Familias pobres que habitan la zona de amortiguamiento de la Reserva Biológica Indio Maíz, en el municipio de El Castillo, tienen la oportunidad de terminar con la dependencia de la venta de madera y la siembra de granos básicos para su subsistencia, ya que comenzarán próximamente a exportar sus cosechas de cacao en los mercados de Europa y Asia.
Melba Navarro, coordinadora del componente agroforestal ejecutado por el Instituto para el Desarrollo de la Democracia (Ipade) dentro del Programa para el Desarrollo Rural Sostenible de El Castillo (Prodesoc), explicó que recientemente se comenzaron las conversaciones con un intermediario de nacionalidad argentina, quien llevará el cacao producido por los sanjuaneños a los mercados europeos y asiáticos.
Alfredo Barrosa, comerciante internacional de cacao, indicó que está interesado en las cosechas del grano en Río San Juan porque es de muy buena calidad.
“El cacao de la variedad criolla es el mejor cotizado en el mercado mundial por su buen sabor y su alto rendimiento y ese es el que tienen en Río San Juan, por eso nos interesa”, indicó.
“Podemos pagar buen precio, y estamos dispuestos a adquirir toda la producción que salga de la zona porque estamos en capacidad de exportar hasta 80 contenedores que son aproximadamente cuatro mil quintales”, dijo el comerciante.
Agregó que en el mercado internacional una tonelada métrica de cacao de la variedad acriollada puede alcanzar precios de hasta 1,900 dólares.
BENEFICIAN A 200 FAMILIAS
Por su parte Navarro agregó que los campesinos de las comunidades más pobres de El Castillo empezaron a cultivar cacao desde el año 2002, como parte de un proyecto que tiene como objetivo establecer cultivos alternativos en las fincas de los productores que antes dependían únicamente de las cosechas de granos básicos, situación que los mantenía casi todo el año sin ingresos económicos.
Con el cultivo de cacao se pretende mejorar las condiciones de vida de las familias que habitan en la zona de amortiguamiento de la Reserva Indio Maíz, donde no pueden hacer uso de los bosques y de esa manera detener el avance de la frontera agrícola.
En total son 200 familias las que se han sumado al cultivo de cacao y se han establecido 372 manzanas de terreno.
Actualmente están en las primeras etapas de producción, por lo que se están cosechando sólo 72 manzanas que están rindiendo como promedio ocho quintales cada una.

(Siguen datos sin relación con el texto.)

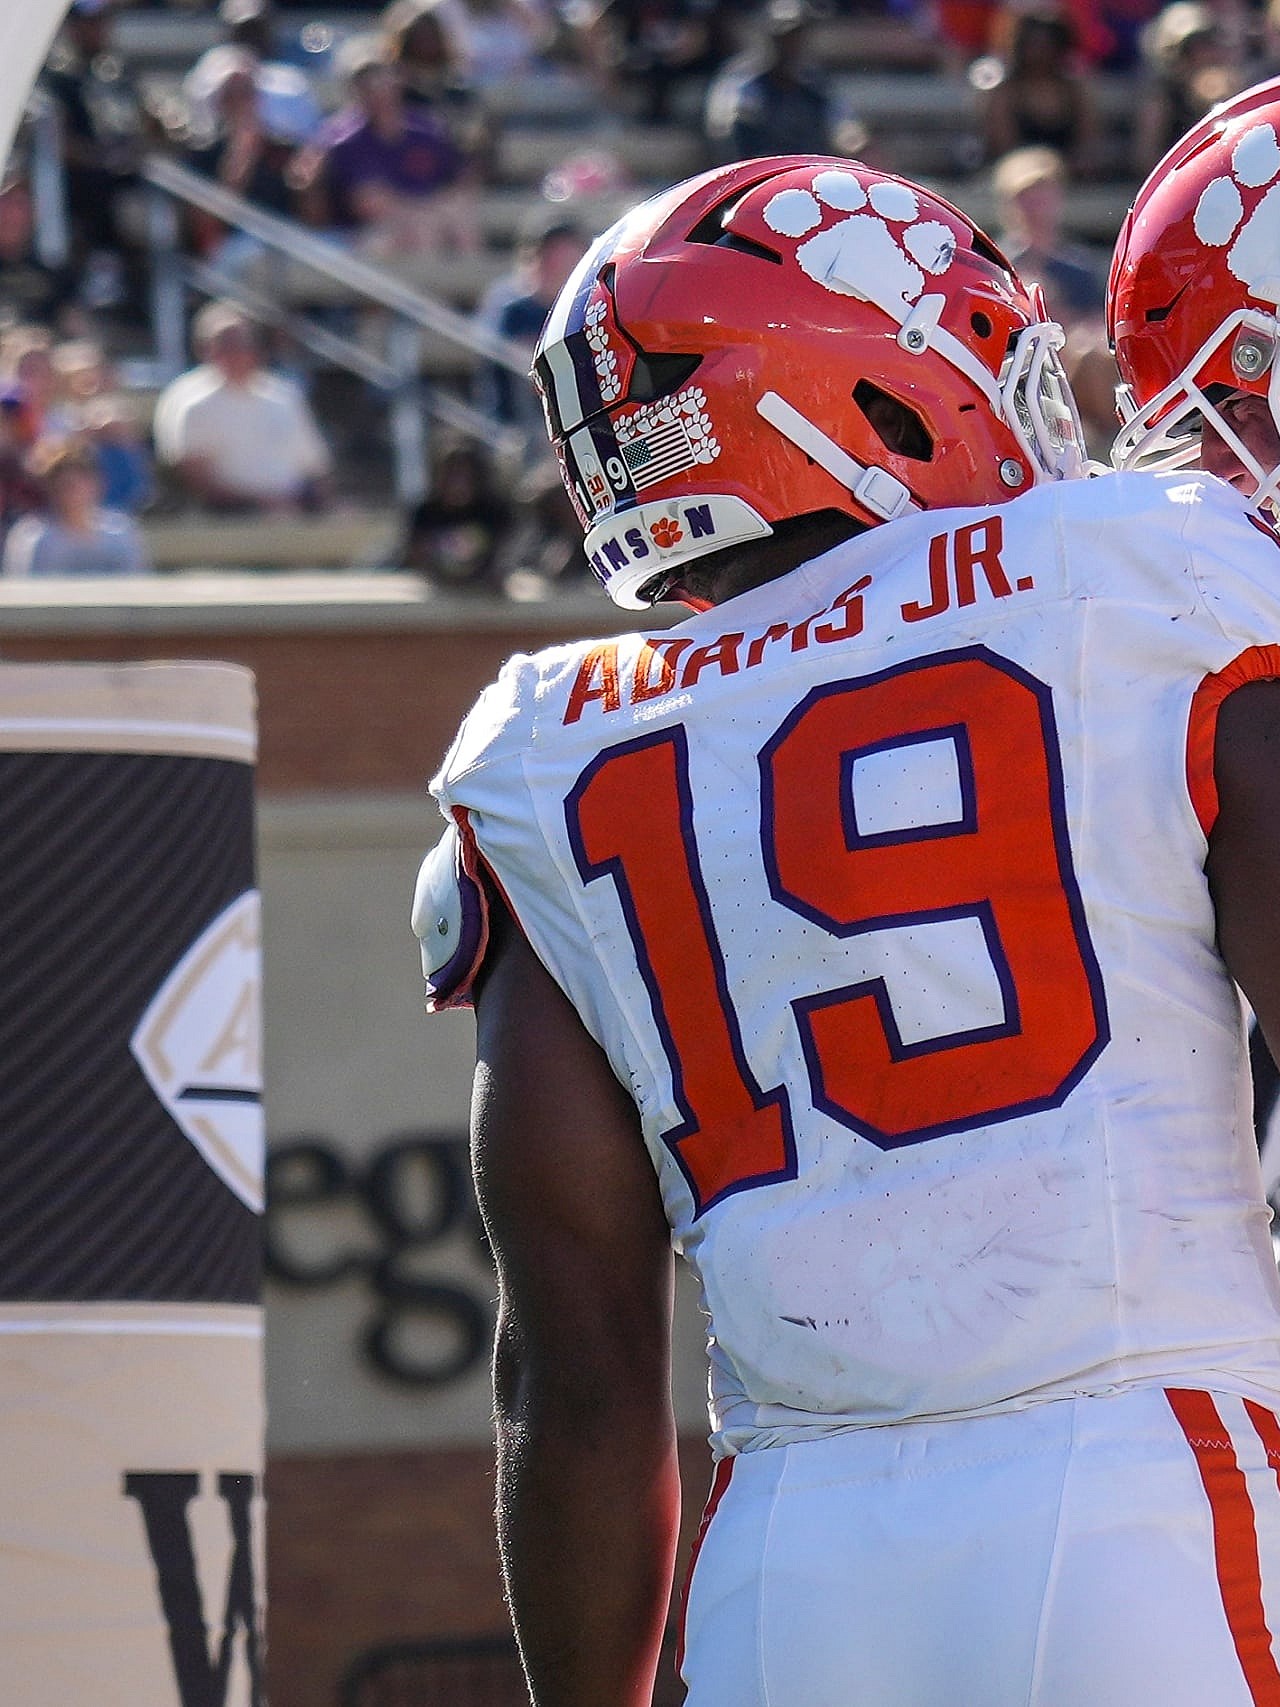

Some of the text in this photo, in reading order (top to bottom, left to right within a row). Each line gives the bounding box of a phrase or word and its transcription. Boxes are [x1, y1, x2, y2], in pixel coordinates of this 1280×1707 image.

[563, 515, 1035, 725] ADAMS JR.
[563, 643, 1110, 1222] 19
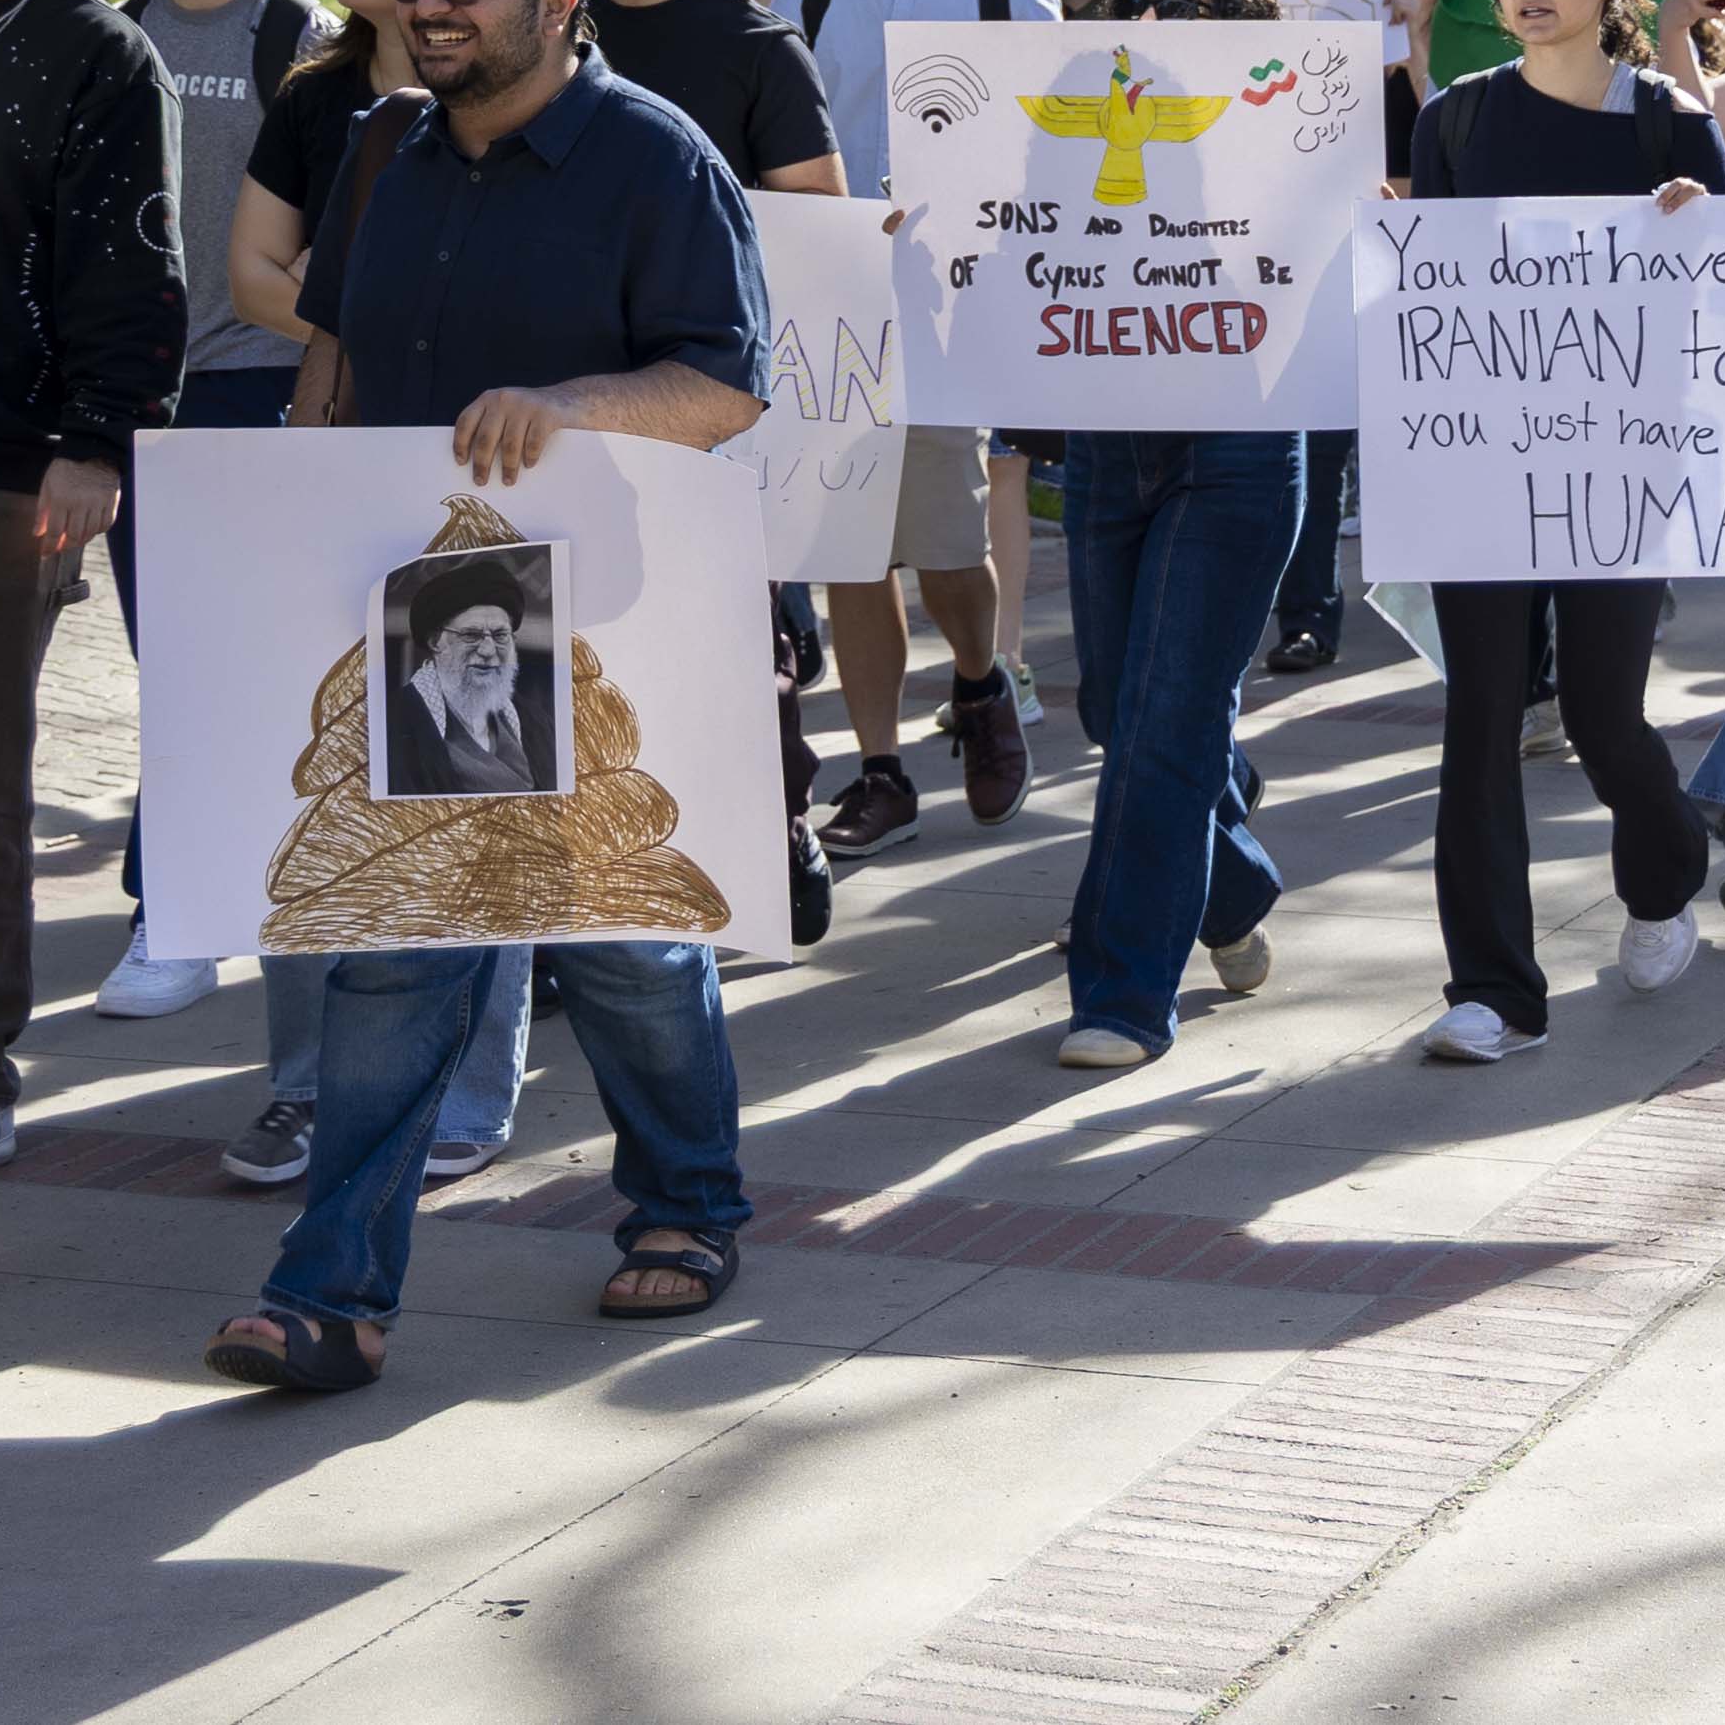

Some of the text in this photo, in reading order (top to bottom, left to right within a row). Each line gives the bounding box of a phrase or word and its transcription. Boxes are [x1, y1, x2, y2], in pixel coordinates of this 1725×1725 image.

[1302, 38, 1342, 76] زن
[174, 73, 247, 100] OCCER
[1294, 98, 1360, 152] آزادی
[975, 201, 1251, 237] SONS AND DAUGHTERS
[949, 251, 1294, 300] OF CYRUS CANNOT BE
[1377, 215, 1467, 292] You
[1489, 222, 1593, 287] don't
[1036, 301, 1268, 357] SILENCED
[1397, 305, 1648, 388] IRANIAN
[770, 316, 893, 428] AN
[1401, 408, 1485, 451] you
[1511, 401, 1599, 454] just
[1619, 409, 1719, 456] have
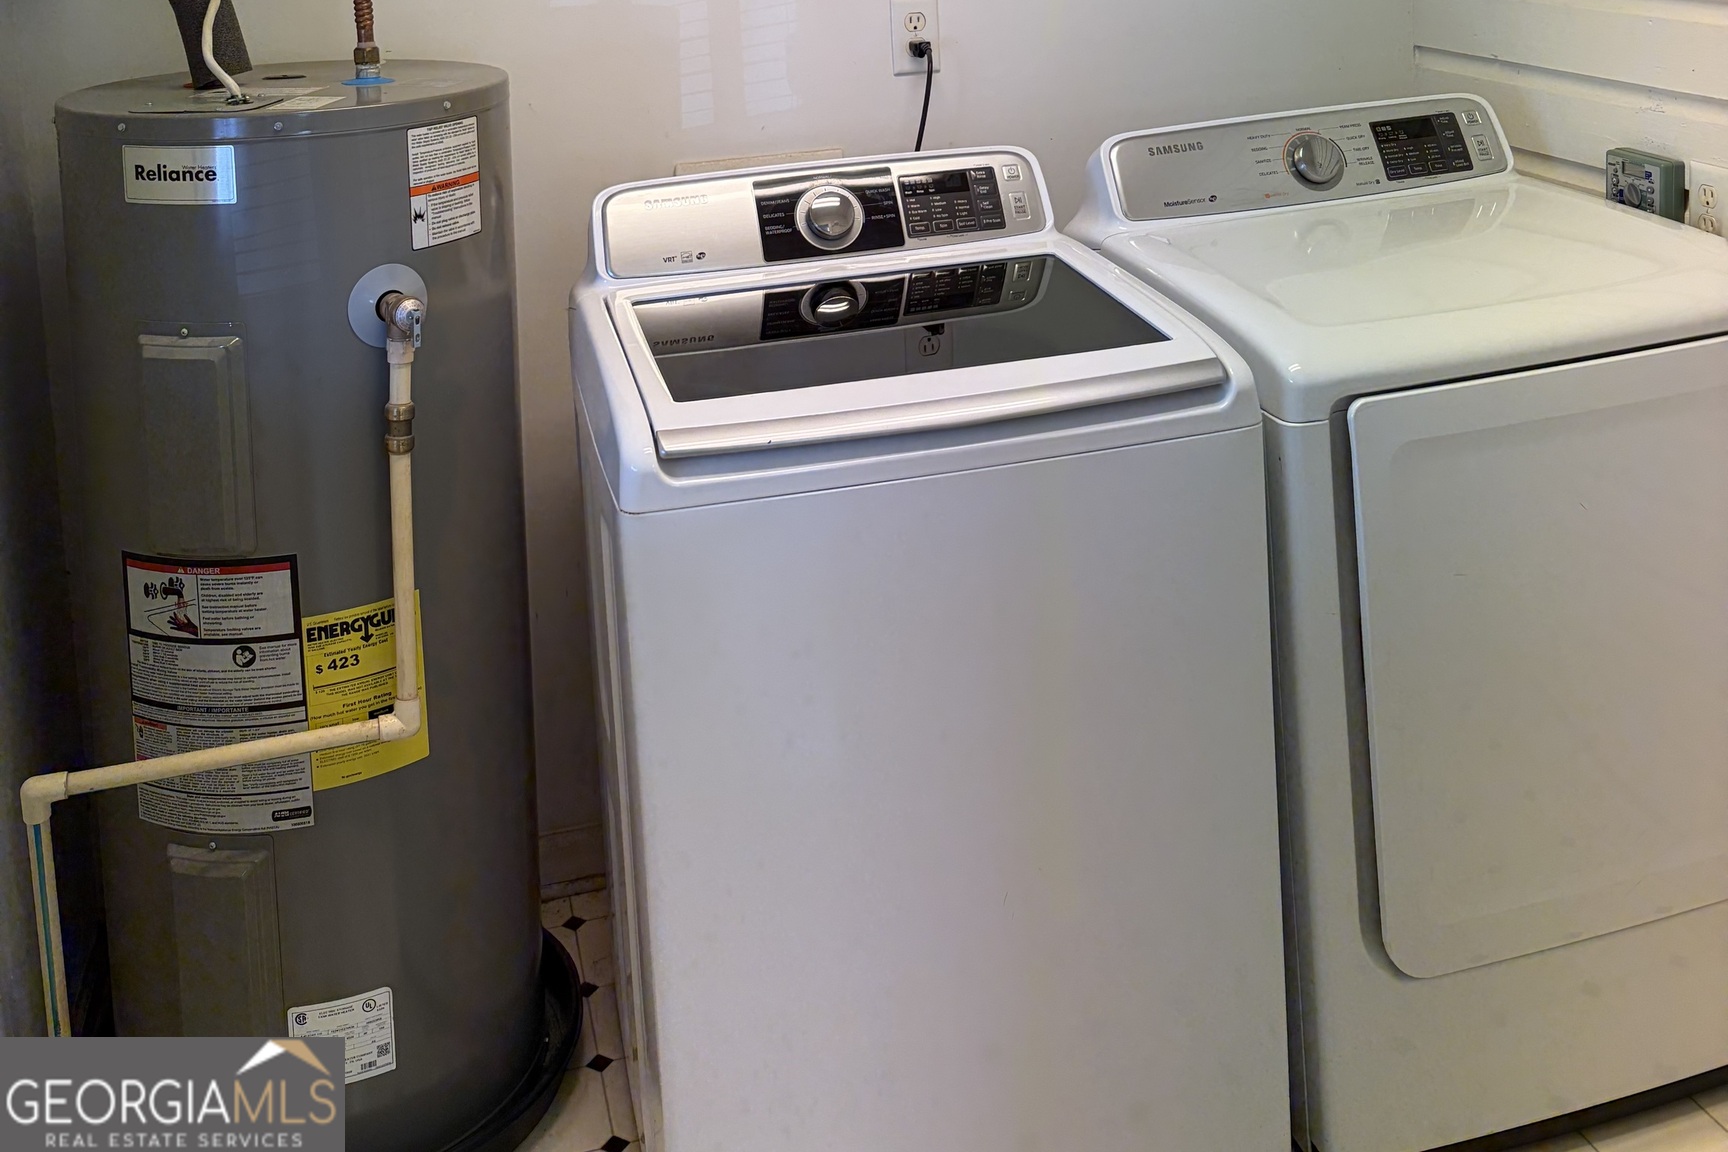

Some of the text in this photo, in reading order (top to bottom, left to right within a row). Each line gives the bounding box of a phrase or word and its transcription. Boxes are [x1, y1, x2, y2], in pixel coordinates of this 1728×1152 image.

[1148, 141, 1204, 157] SAMSUNG
[134, 164, 217, 182] Reliance
[644, 194, 708, 210] SAMSUNG
[1164, 197, 1206, 208] MoistureSensor
[187, 567, 221, 575] DANGER
[306, 608, 395, 643] ENERGYGUI
[315, 653, 360, 675] $ 423
[357, 697, 373, 705] Hour
[373, 691, 392, 700] Rating
[177, 705, 207, 713] IMPORTANT
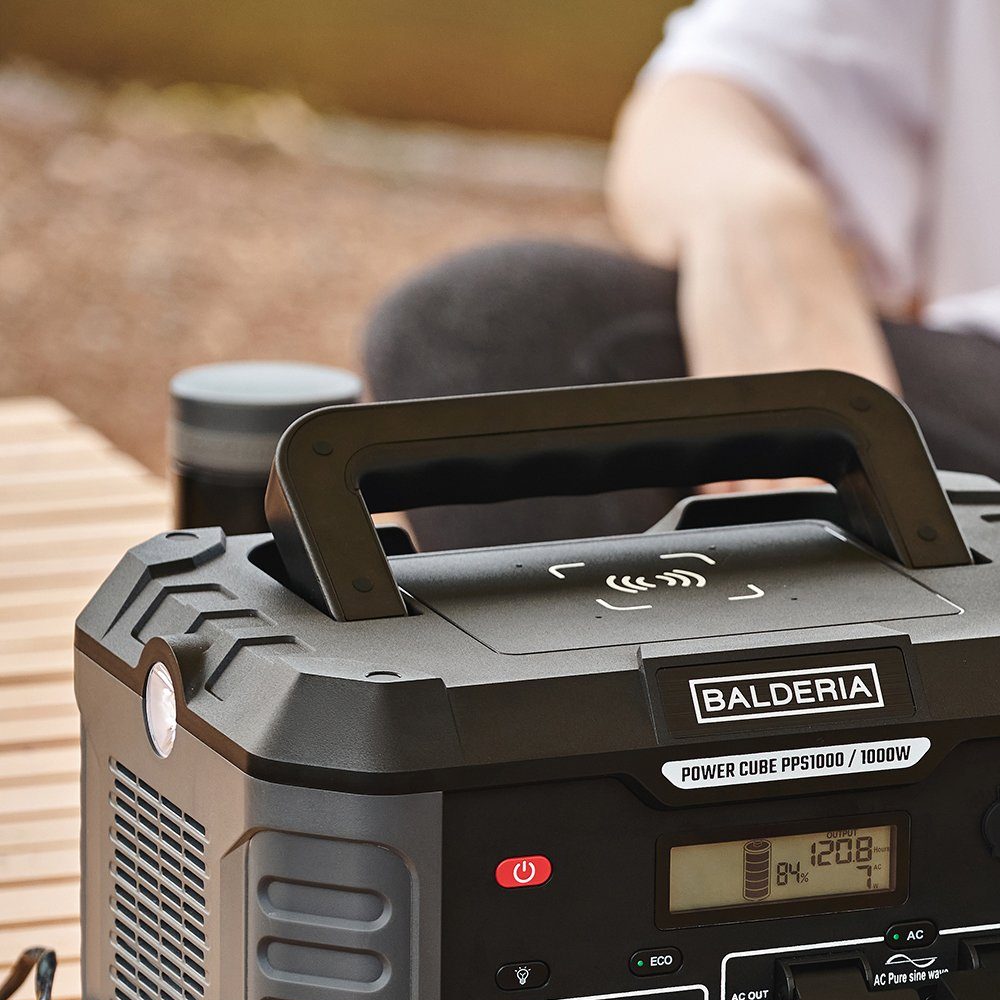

Sin embargo, según Navarro, para el próximo año entrarán en producción el resto de plantaciones. Una manzana de cacao bien manejada puede producir hasta 25 quintales.
Durante el presente año el Instituto para el Desarrollo y la Democracia (Ipade) promueve el establecimiento de 70 manzanas de cacao injerto de la variedad trinitaria, porque es más resistente y produce a los dos años de plantada.